His spirits, so high a moment before, dropped dangerously. The Black Pawkeet had brought Fasai out this far, easily catching up to Dorak with wind in its sails, and now Fasai was nearly caught up with him.
“No!” Dorak howled, and he put all he had into rowing.
Fasai was laughing madly and following behind as Dorak skirted mines, haphazardly threw out a few decoys, and lost all element of technique he’d started with.
It was only a matter of time before Fasai skirted around him towards the end of the race, when their boats were nearly close enough to dock at Smugglers Cove.
Dorak released a strangled cry as the last mine exploded and sea water rained down on their heads. Fasai’s triumphant laugh echoed in his ears, and he felt as if his very heart had died.
“You lose again, my friend!” Fasai shouted.
Dorak watched, stupefied, as the Lupe sprang from his boat onto land. He didn’t bother to pull it all the way up on land with him. Instead, laughing gleefully, he disappeared into the mouth of the cove.
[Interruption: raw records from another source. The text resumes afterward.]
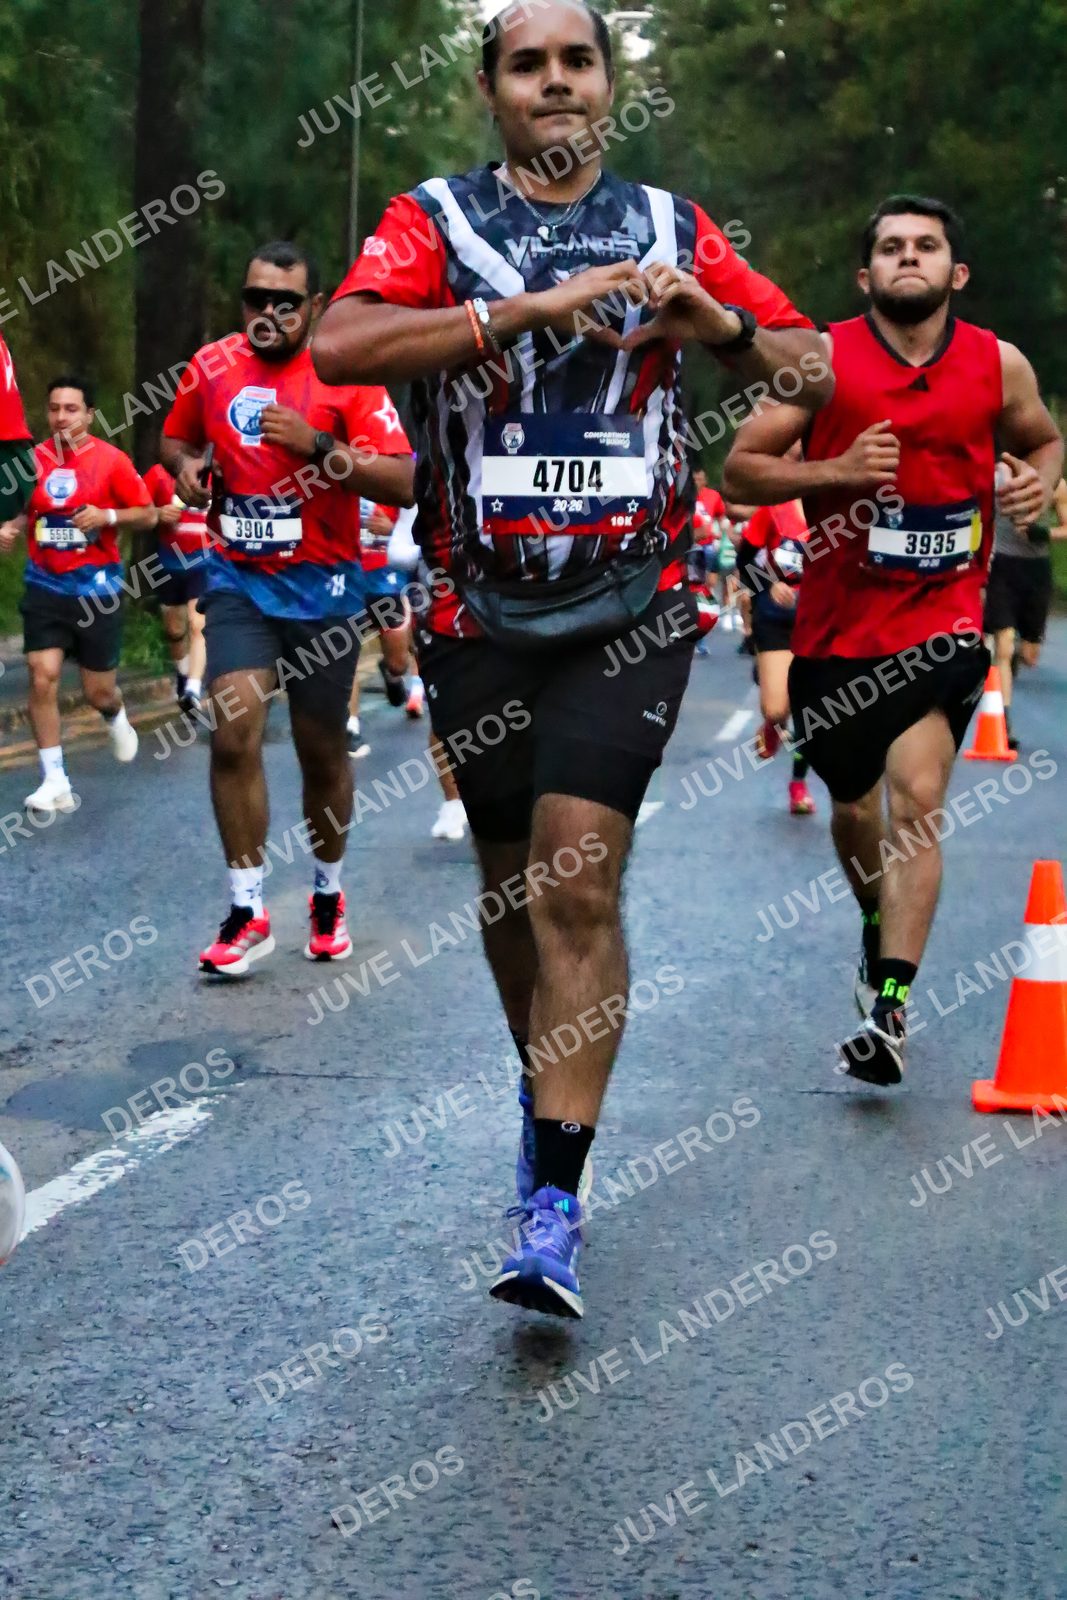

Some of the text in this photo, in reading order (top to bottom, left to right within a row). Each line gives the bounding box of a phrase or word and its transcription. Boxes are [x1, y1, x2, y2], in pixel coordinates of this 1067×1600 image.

[533, 460, 603, 492] 4704
[235, 519, 274, 539] 3904
[611, 516, 633, 526] 10K
[905, 532, 956, 555] 3935
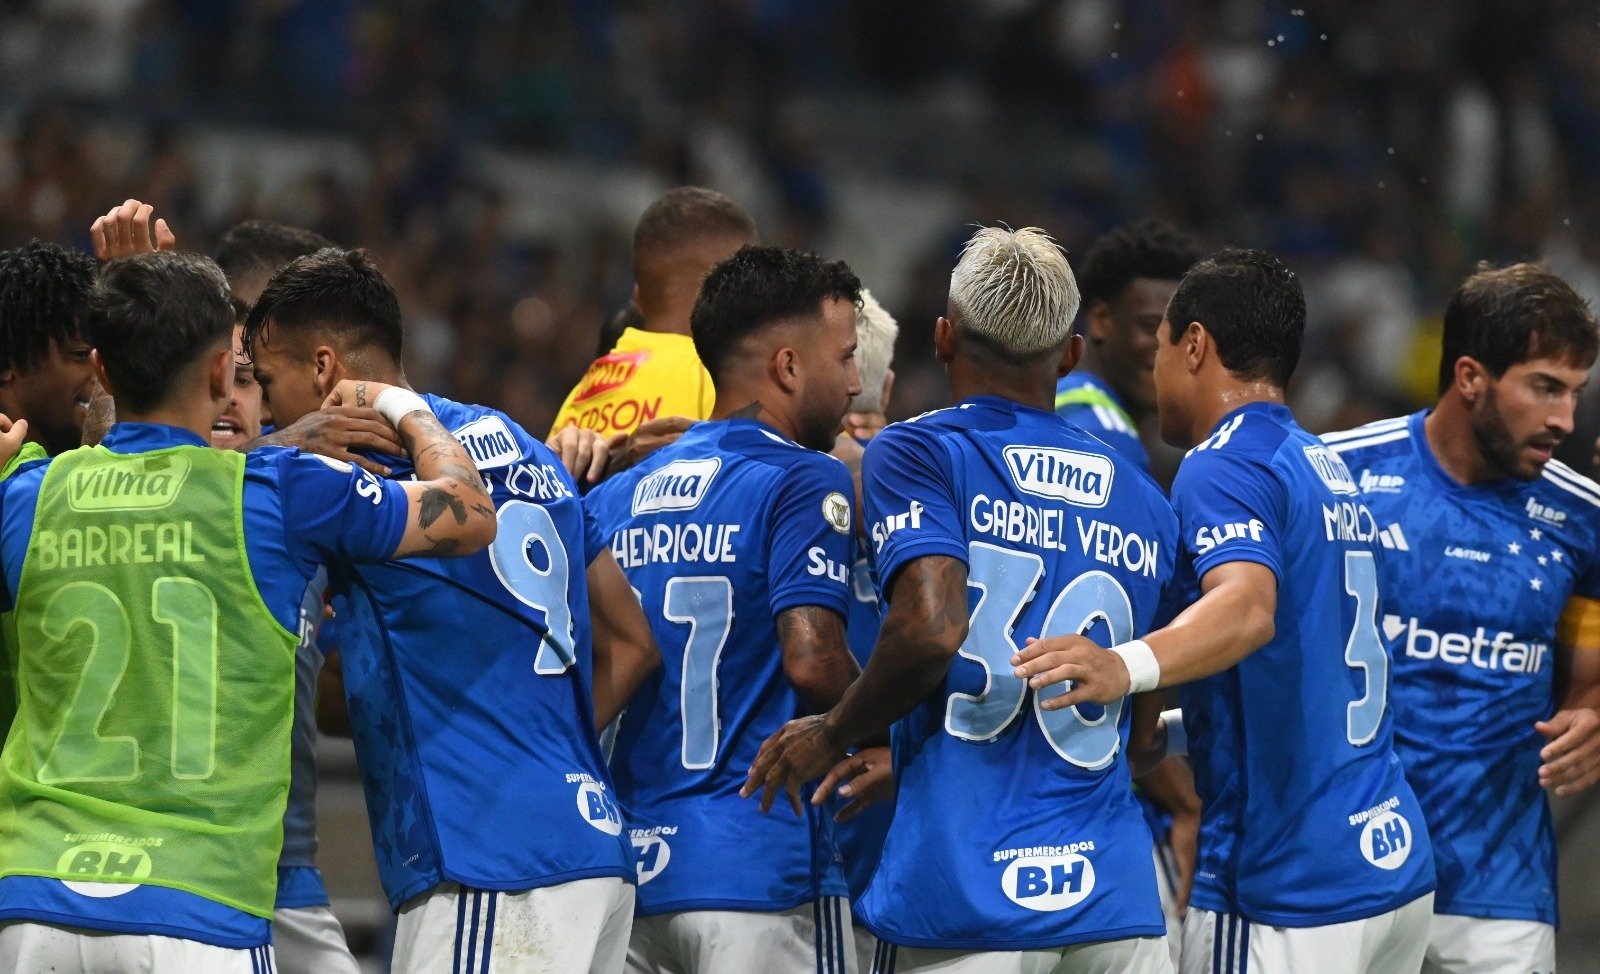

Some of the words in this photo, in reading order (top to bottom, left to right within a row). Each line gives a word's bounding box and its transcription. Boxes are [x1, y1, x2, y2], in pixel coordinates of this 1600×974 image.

[458, 430, 513, 462] ilma
[72, 465, 172, 500] Vilma
[637, 470, 703, 508] Vilma
[1011, 452, 1102, 496] Vilma
[970, 494, 1066, 552] GABRIEL
[1076, 515, 1158, 579] VERON
[1195, 518, 1264, 555] Surf
[1322, 502, 1379, 543] MRLO
[38, 521, 206, 571] BARREAL
[612, 523, 740, 568] HENRIQUE
[944, 540, 1134, 771] 30
[1404, 617, 1549, 674] betfair
[37, 576, 218, 784] 21
[993, 840, 1095, 862] SUPERMERCADOS
[1372, 817, 1406, 861] BH
[68, 850, 143, 878] BH
[1016, 860, 1085, 899] BH
Dorak covered his eyes as sobs wrenched up his throat. He’d lost. He’d lost it all! Now the biggest treasure was gone, and all the dubloons would belong in the same hands as the ones that had stolen this treasure out of his claws. He didn’t even get to see what he was missing!
Desperate, Dorak was about to paddle the rest of the way to the cove and go into it himself, to at least see what exactly he had lost. Voices stopped him.
“Hey! What’s this?” Fasai cried.
“Fasai Donnelley?” a voice asked.
“Who are you?” Fasai demanded, his voice sounding panicked.
“The Defenders of Neopia, sir,” the voice replied steadily, “and you are under arrest for stealing, looting, plotting, association with the wanted pirate captain, Scarblade, and for just generally being a no good, greedy little Neopian.”
Dorak nearly dropped his oars.
“What? No! No, I don’t know what you’re talking about!” Fasai cried.
The voice laughed. “We caught you red-handed, my friend. We figured you’d be too greedy to resist that Ixi’s tale in the tavern. We’ve been on to you for quite some time. Too bad you didn’t bring your friends though.”
Dorak’s eyes widened. Thinking quickly, he shoved his oars back into the water and paddled away as quickly as he possibly could. Fasai’s cries of denial and desperate pleas followed him all the way back to shore.
Days later, Dorak sat in his boat as it was gently rocked with waves. He kept an eye on the explosives treading his way, but a decoy was already snug in his paws for when the time was right.
With a little time on his hands, he reflected on all that had happened. Captain Scarblade had gotten away of course at the first sign of trouble, but Fasai was paying for his dirty deeds. He’d been arrested, thrown in jail, and was now going to be working off his debt for the next several years of his life. Dorak found that he was glad this time that someone else had beaten him to the treasure.
Counting the moment as perfect, Dorak slipped the decoy into the water and watched it chug away, leading the real explosive with it. With a smile on his face, he looked out across the water at the dubloons that waited for him, and he knew there would be many more.
He was, after all, master of the sea and all of its dubloons.